Exercise brief ->
Could each entry below be written out exactly, with every picture dropped?

BEGIN Task input

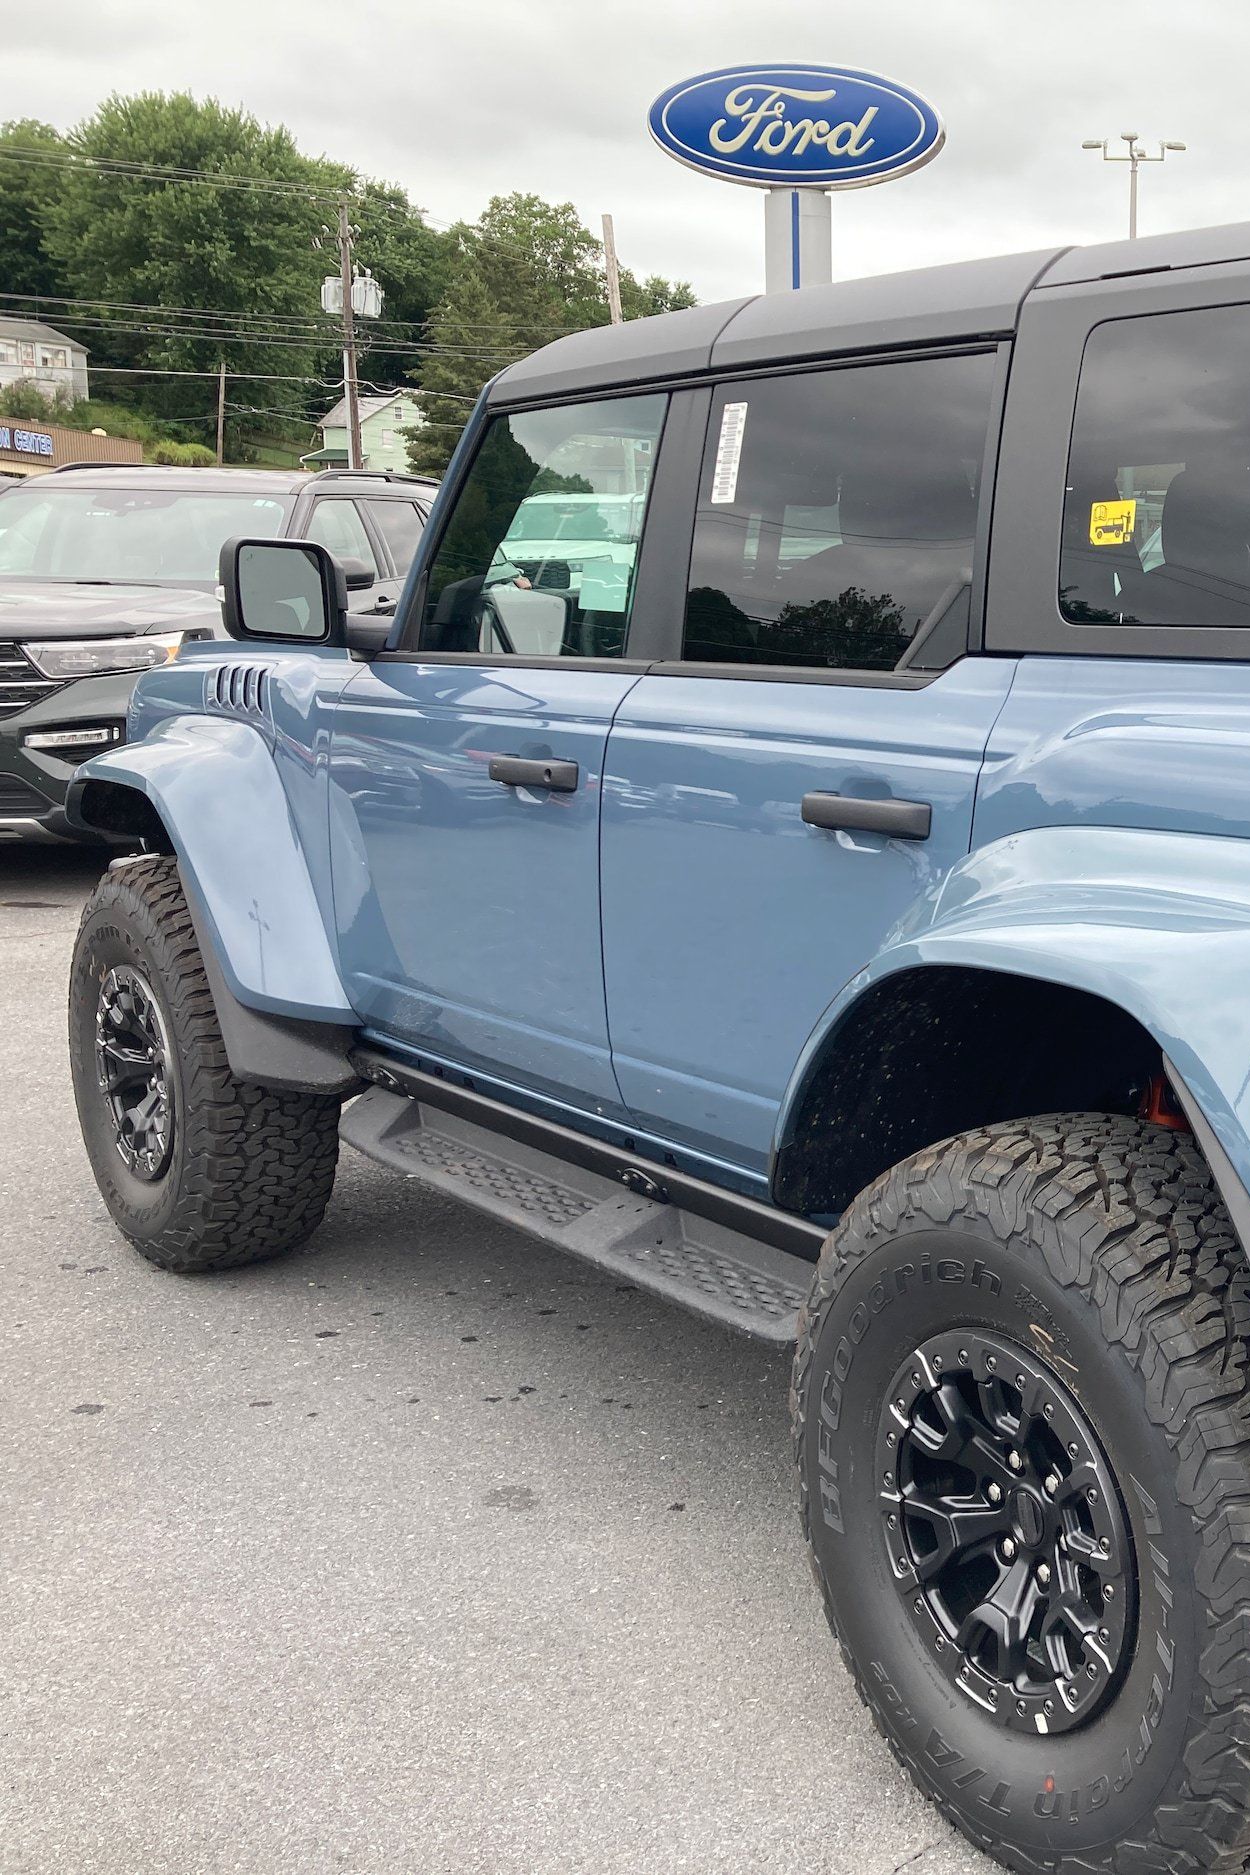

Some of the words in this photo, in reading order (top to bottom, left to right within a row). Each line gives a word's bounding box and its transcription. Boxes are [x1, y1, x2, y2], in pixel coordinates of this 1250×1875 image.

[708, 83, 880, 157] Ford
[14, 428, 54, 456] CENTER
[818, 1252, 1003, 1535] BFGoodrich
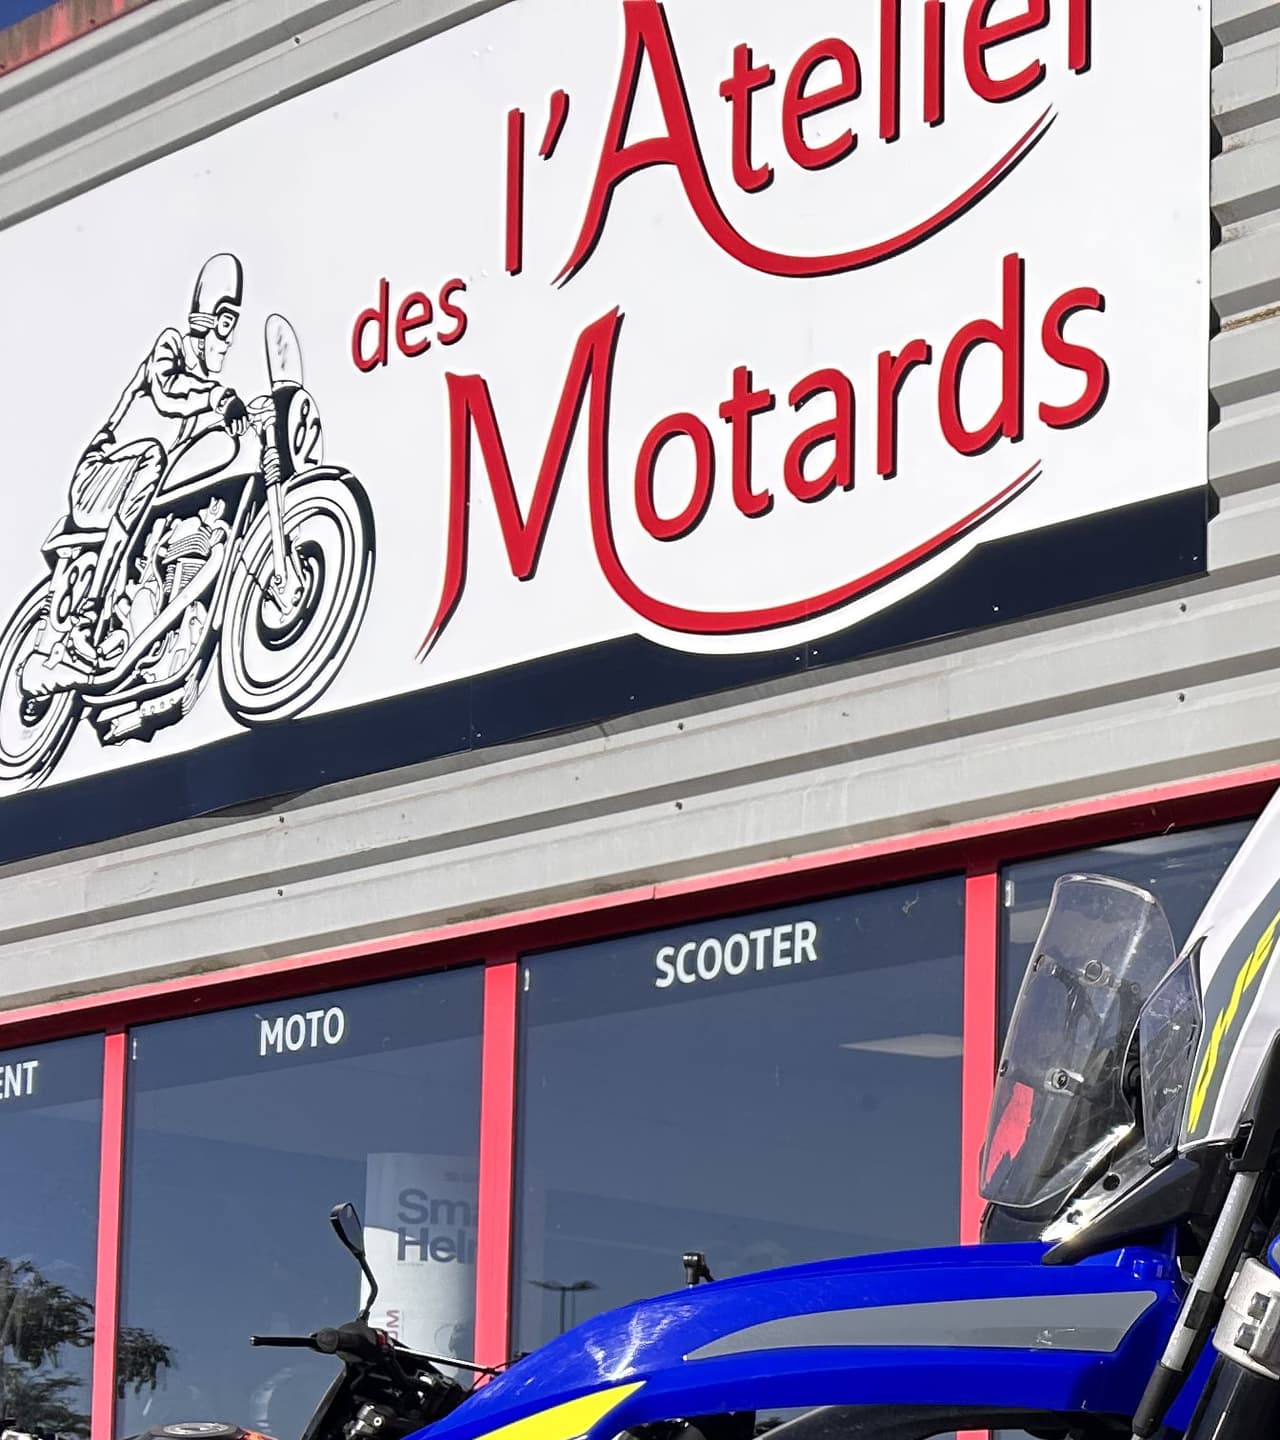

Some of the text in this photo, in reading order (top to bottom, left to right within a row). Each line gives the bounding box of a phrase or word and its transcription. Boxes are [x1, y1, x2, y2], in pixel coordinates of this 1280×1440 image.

END Task input

Solution for this problem ->
Some of the words in this photo, in reading order (top to bottom, left to right within a row). Each line gives a word's bounding box and its transcription. Boxes are [x1, y1, x2, y2], in pixel coordinates of this 1250×1875 image.

[708, 83, 880, 157] Ford
[14, 428, 54, 456] CENTER
[818, 1252, 1003, 1535] BFGoodrich

Some of the text in this photo, in reading order (top to bottom, left to right within a row). Each line gives the bounding box of a phrase or word and its transcription. Boxes are [x1, y1, x2, y2], in pixel coordinates of this 1280×1440 image.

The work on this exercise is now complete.